# Shimanos on eBay



## Rippin_drag (Sep 2, 2008)

B1- How come those eBay stores can sell new Shimano reels for a lot lower than retail? Is it because they aren't 'authorized dealers' ?


----------



## BustinTops (Aug 31, 2010)

I've bought both retail and ebay Curado E7's. There was a difference. But very minor......the one off ebay had a tiny extra washer and a stainless drag plate instead of graphite. I've recentrly found out that the one I got from Ebay was an early generation of the reel, they have since improved the design and excluded the tiny washer and changed the drag pressure plate. I would assume that the dealers have to sell the latest generation of any shimano reel, maybe I'm wrong. But when these big dealers like cabelas, academy, etc. stock pile reels and the new generations come out........they sell the old ones in mass quantities to small time ebay dealers and what-not. The performance is IDENTICAL.....I payed $179 + tax retail and $143 free shipping on ebay. I am very satisfied with the ebay purchase.....but there is a difference. I'd buy one again. Just make sure you find a legit dealer and not a bad one.


----------



## Gilbert (May 25, 2004)

BustinTops said:


> I've bought both retail and ebay Curado E7's. There was a difference. But very minor......the one off ebay had a tiny extra washer and a stainless drag plate instead of graphite. *I've recentrly found out that the one I got from Ebay was an early generation of the reel*, they have since improved the design and excluded the tiny washer and changed the drag pressure plate. *I would assume that the dealers have to sell the latest generation of any shimano reel*, maybe I'm wrong. But when these big dealers like cabelas, academy, etc. stock pile reels and the new generations come out........they sell the old ones in mass quantities to small time ebay dealers and what-not. The performance is IDENTICAL.....I payed $179 + tax retail and $143 free shipping on ebay. I am very satisfied with the ebay purchase.....but there is a difference. I'd buy one again. Just make sure you find a legit dealer and not a bad one.

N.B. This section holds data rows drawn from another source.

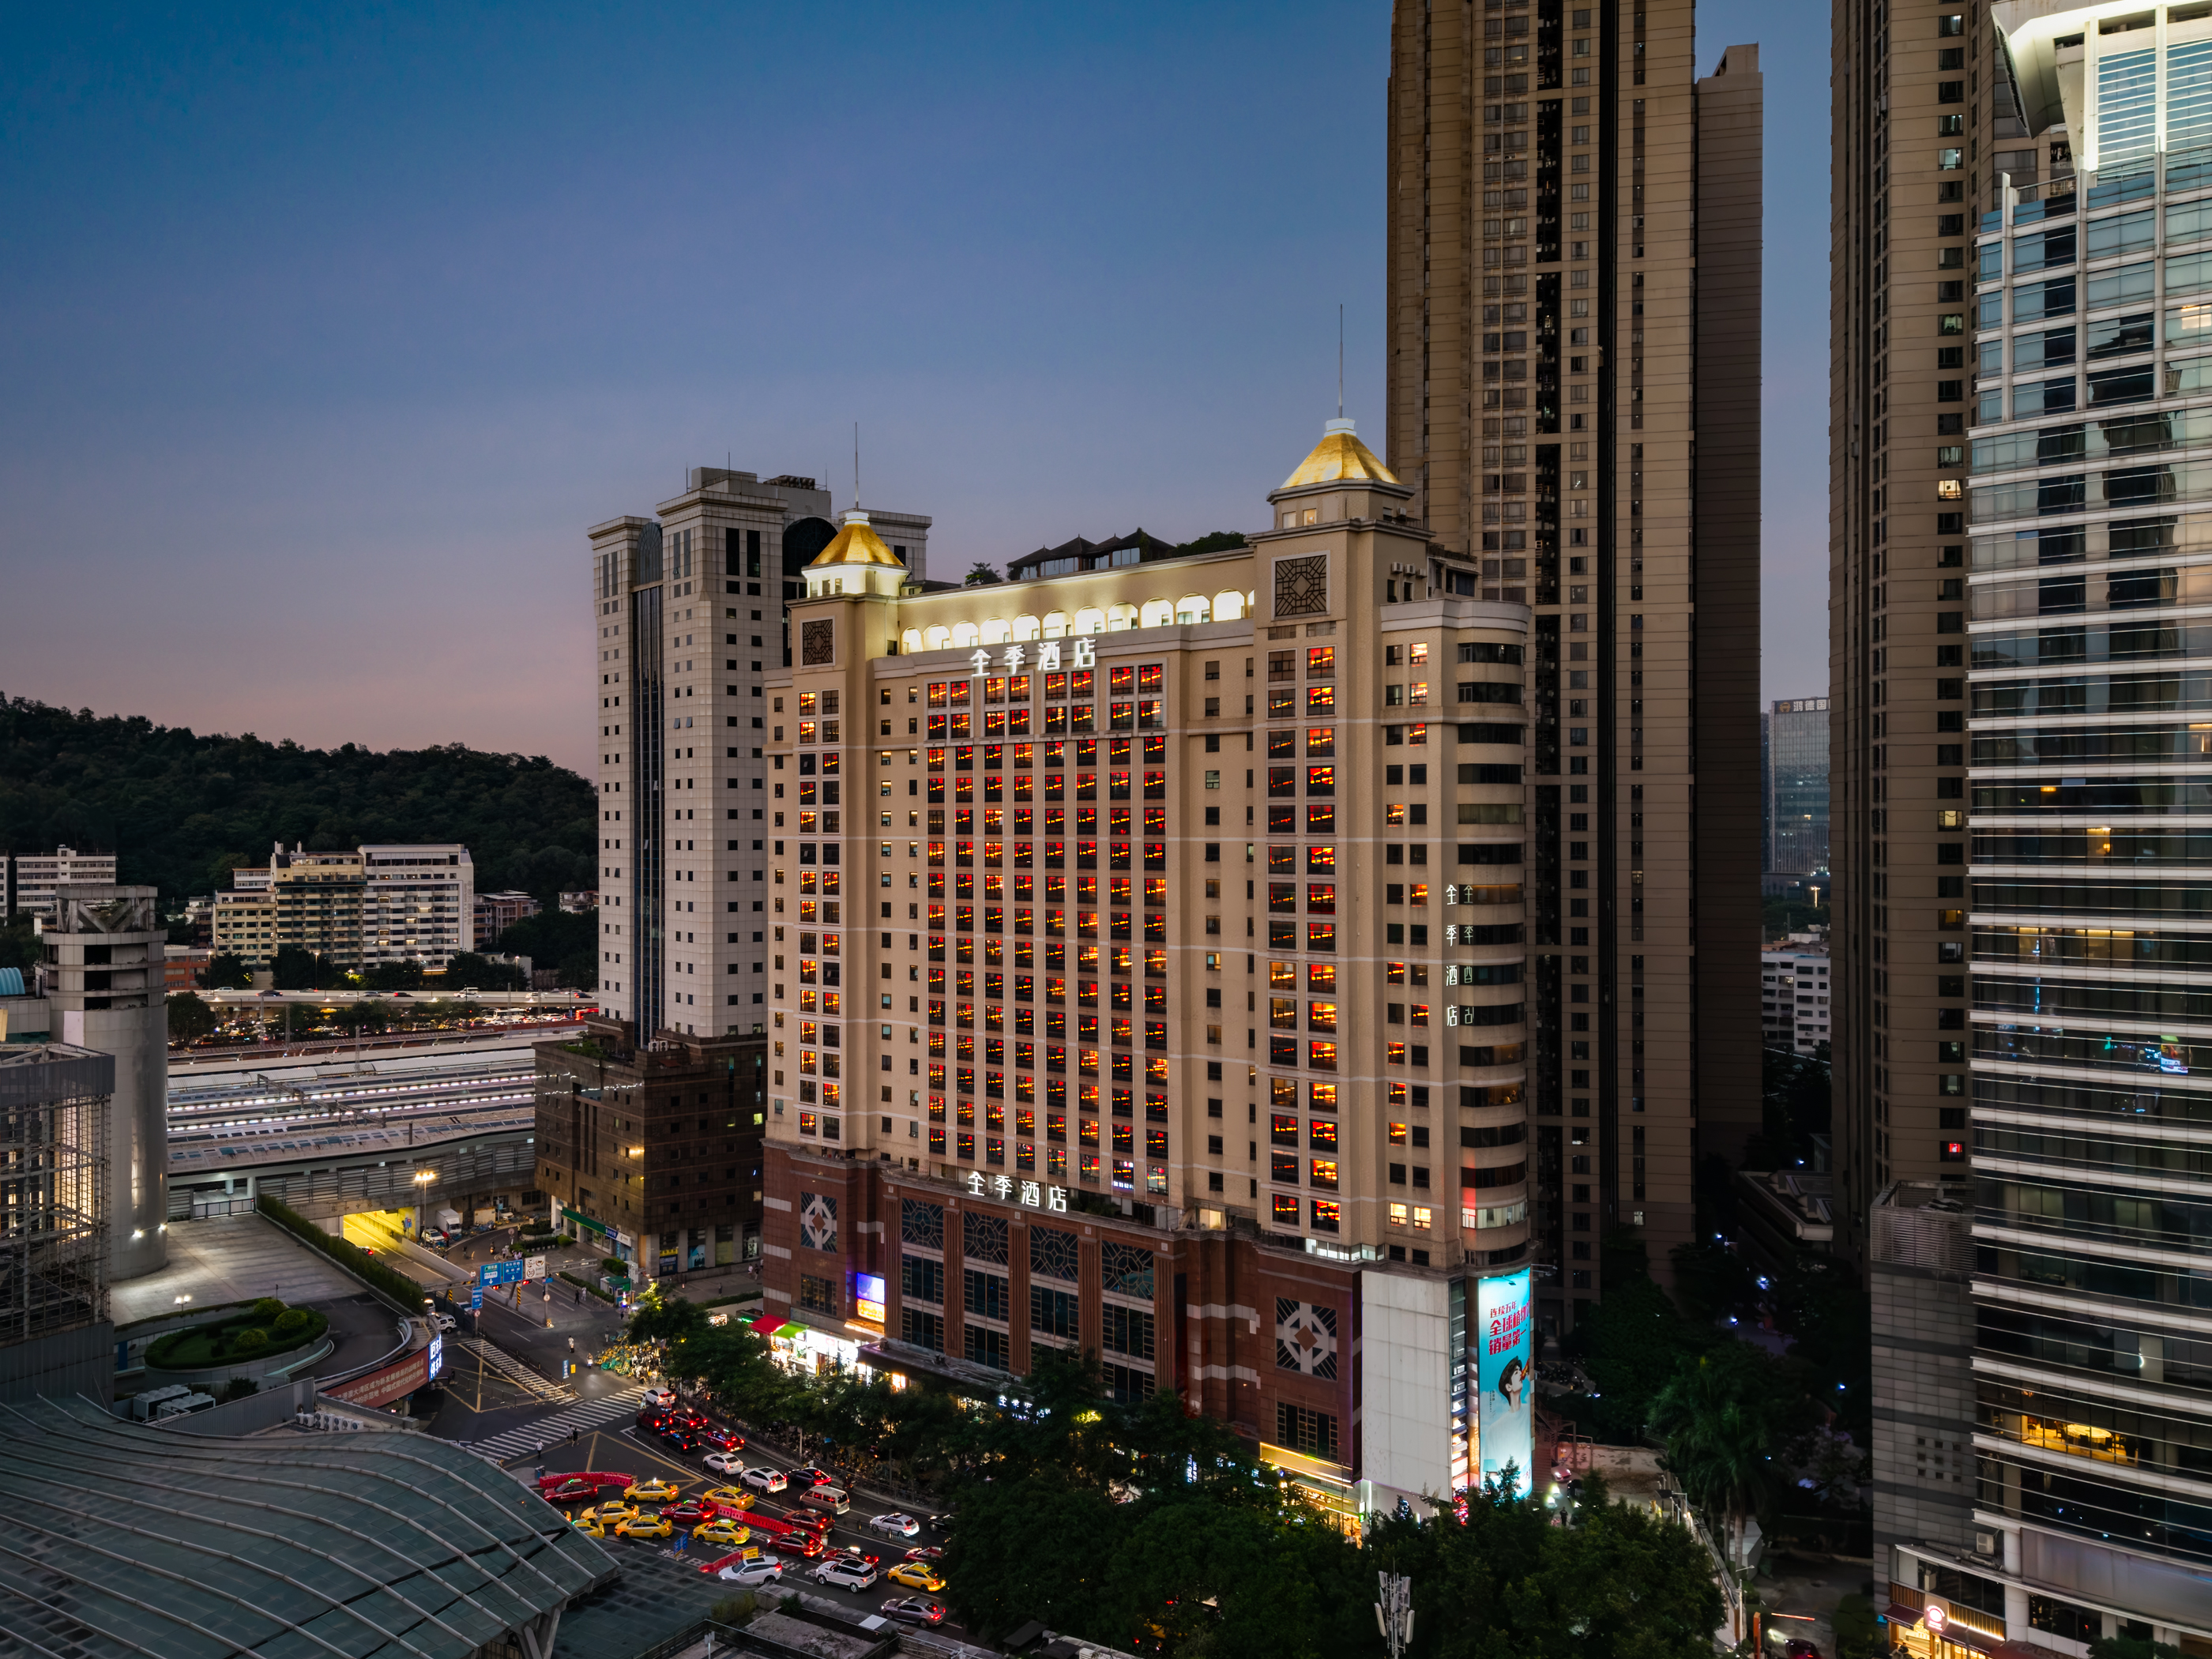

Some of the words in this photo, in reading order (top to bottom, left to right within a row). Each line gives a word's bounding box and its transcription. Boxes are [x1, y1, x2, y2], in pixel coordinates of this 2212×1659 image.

[970, 637, 1097, 677] 全季酒店
[1793, 699, 1830, 712] 鸿德国
[1446, 884, 1458, 1027] 全季酒店
[968, 1172, 1066, 1213] 全季酒店
[1490, 1300, 1517, 1319] 连续五年
[1489, 1329, 1526, 1356] 销量第一

explain the e50 on ebay right now. its 50 bucks cheaper on ebay than retail.


----------



## Lebber32 (Aug 8, 2010)

I have 2 e7's off bay, one is a year old and the other is 5 months old. No problem whatsoever. Will not buy from retail again. Saved 30-40 bucks per reel. As far as how they do it...????


----------



## cgerace19 (Jul 17, 2008)

fell off the truck???


----------



## Gilbert (May 25, 2004)

I need to find some Core's that fell off the truck.


----------



## BustinTops (Aug 31, 2010)

Gilbert said:


> explain the e50 on ebay right now. its 50 bucks cheaper on ebay than retail.


 I can't explain the E50's......I want one though. But I was just mentioning that I did find a difference in the E7's, no problems though.


----------



## Gilbert (May 25, 2004)

BustinTops said:


> I can't explain the E50's......I want one though. But I was just mentioning that I did find a difference in the E7's, no problems though.


me too


----------



## goodwood (Mar 30, 2009)

I'm these guys buy large quantities at a very low price from distributors but can't act as an authorized dealer. 

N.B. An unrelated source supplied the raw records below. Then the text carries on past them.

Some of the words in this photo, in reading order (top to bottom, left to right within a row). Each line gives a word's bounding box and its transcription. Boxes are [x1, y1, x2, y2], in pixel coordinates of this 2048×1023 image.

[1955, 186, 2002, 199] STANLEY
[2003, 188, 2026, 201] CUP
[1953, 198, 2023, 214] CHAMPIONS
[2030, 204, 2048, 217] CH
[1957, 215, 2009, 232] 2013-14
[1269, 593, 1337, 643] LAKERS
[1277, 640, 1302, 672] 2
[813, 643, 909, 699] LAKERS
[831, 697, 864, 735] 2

Some probably own stores but can't sell them at that price at the stores.


----------



## DirectDrive (Dec 17, 2009)

"Gray Market" stuff.
Just a guess, but probably a sore subject on this forum.


----------



## Dawg (Oct 4, 2010)

The reason Ebay is cheaper than retail is these store have no inventory or storefront,they can buy from the manufacturer & have them drop shipped to you.They do not have the big expense as the retail store,they can be working out of their house.When you buy from Ebay,you lose the service,so if you have a problem,you have to pay to ship it back.


----------



## Bob Fate (Jul 31, 2007)

The problem with that is that Shimano does not sell their top shelf tackle to retailers who do not operate a "brick and mortar" store. So, if they're internet only sellers and they are selling this stuff, they are cheating the system somehow.


----------



## BustinTops (Aug 31, 2010)

As long as I save $60.......:cheers:


----------



## Bantam1 (Jun 26, 2007)

Some is grey market and some is being sold to people that are not dealers, or do not meet our criteris for being a dealer. We try to track them all down. Sometimes we catch them and sometimes we don't. 

Our position is to support your local dealers. What happens if you buy that reel on ebay and you have a problem? The seller is going to tell you to pound sand more than likely. We do not honor the warranty on reels purchased on ebay. Then that $60 you saved to give up your warranty and support doesn't sound like much of a deal.


----------